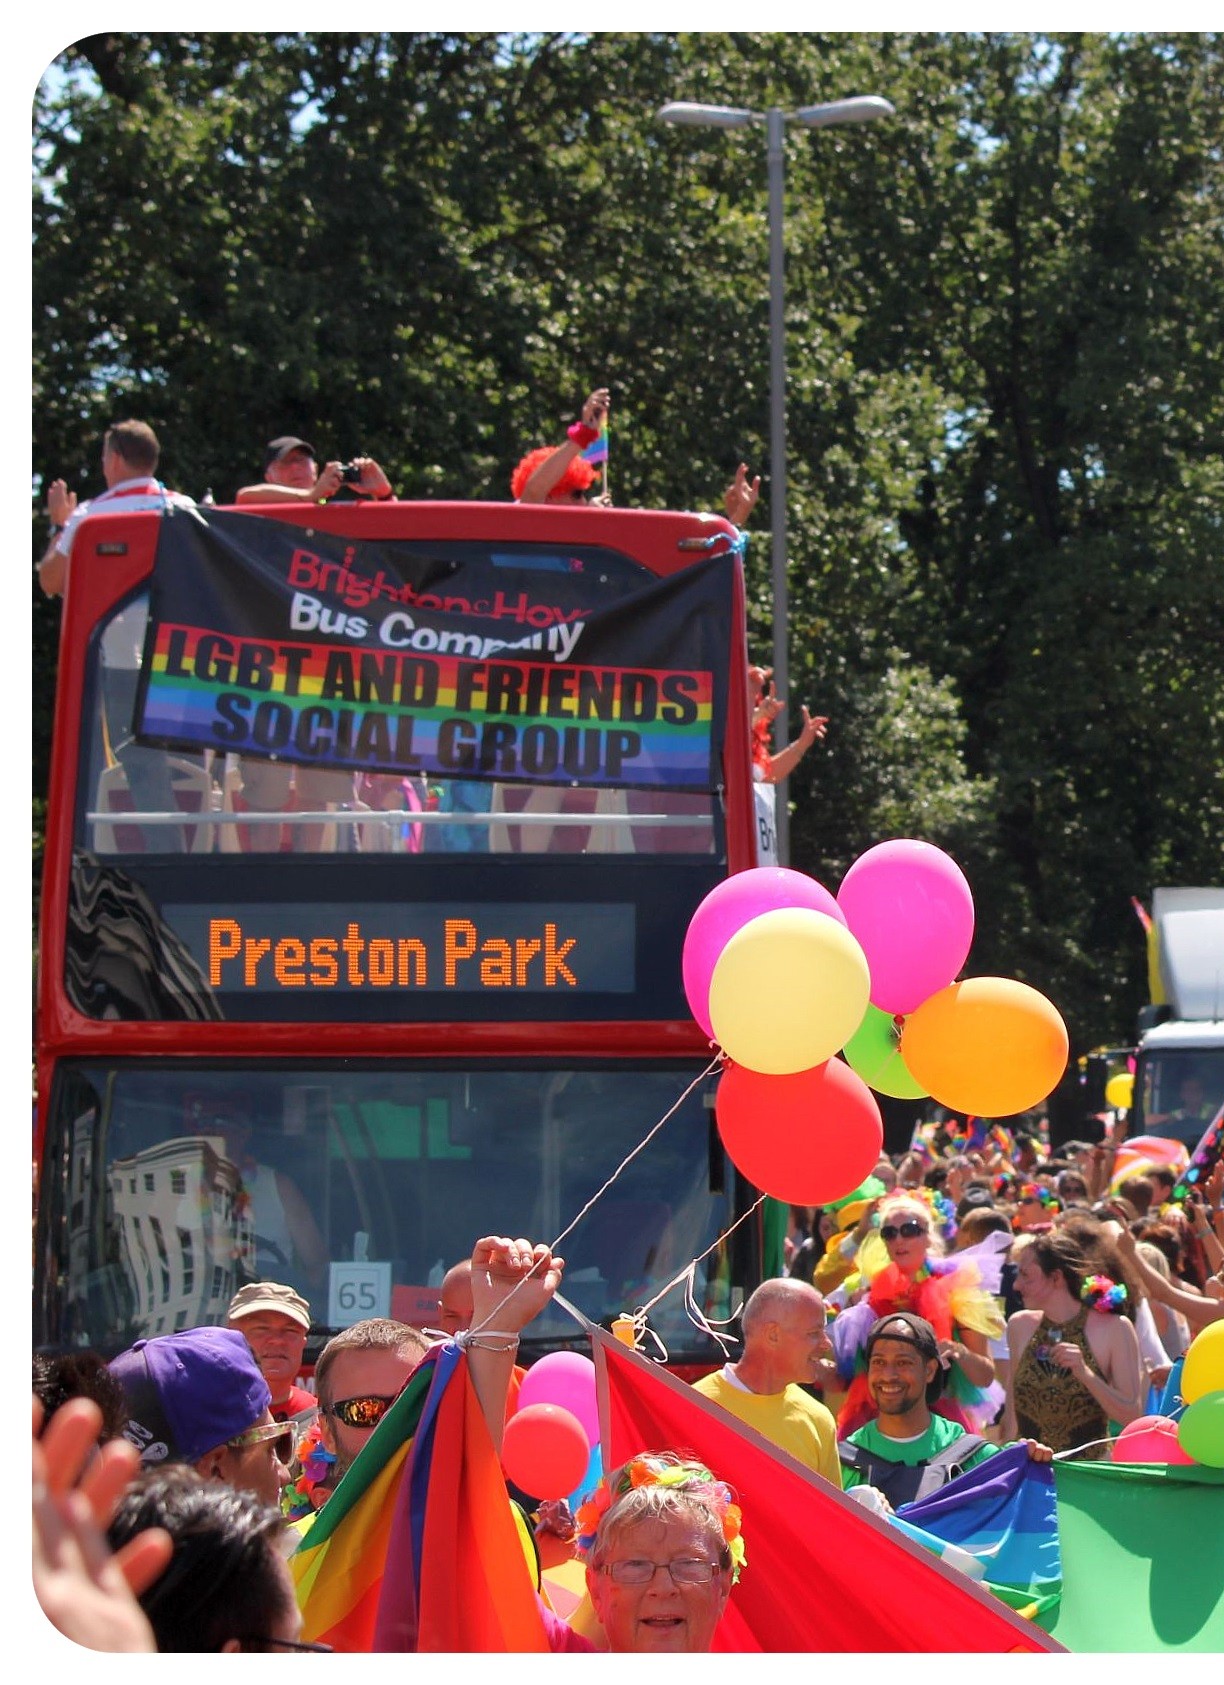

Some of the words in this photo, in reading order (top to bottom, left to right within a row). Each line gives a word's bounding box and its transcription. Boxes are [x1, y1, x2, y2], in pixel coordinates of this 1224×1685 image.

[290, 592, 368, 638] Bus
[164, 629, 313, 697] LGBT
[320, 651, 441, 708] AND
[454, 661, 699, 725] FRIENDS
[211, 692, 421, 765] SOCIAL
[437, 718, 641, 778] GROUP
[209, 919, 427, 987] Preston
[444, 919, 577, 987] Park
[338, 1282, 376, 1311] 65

◇ ◇ ◇ ◇

Problem description
What you return should match the entries word for word, pictures aside.

Task solution
Some of the words in this photo, in reading order (top to bottom, left to right within a row). Each line gives a word's bounding box and its transcription. Boxes are [x1, y1, x2, y2], in pixel coordinates of this 1224×1685 image.

[290, 592, 368, 638] Bus
[164, 629, 313, 697] LGBT
[320, 651, 441, 708] AND
[454, 661, 699, 725] FRIENDS
[211, 692, 421, 765] SOCIAL
[437, 718, 641, 778] GROUP
[209, 919, 427, 987] Preston
[444, 919, 577, 987] Park
[338, 1282, 376, 1311] 65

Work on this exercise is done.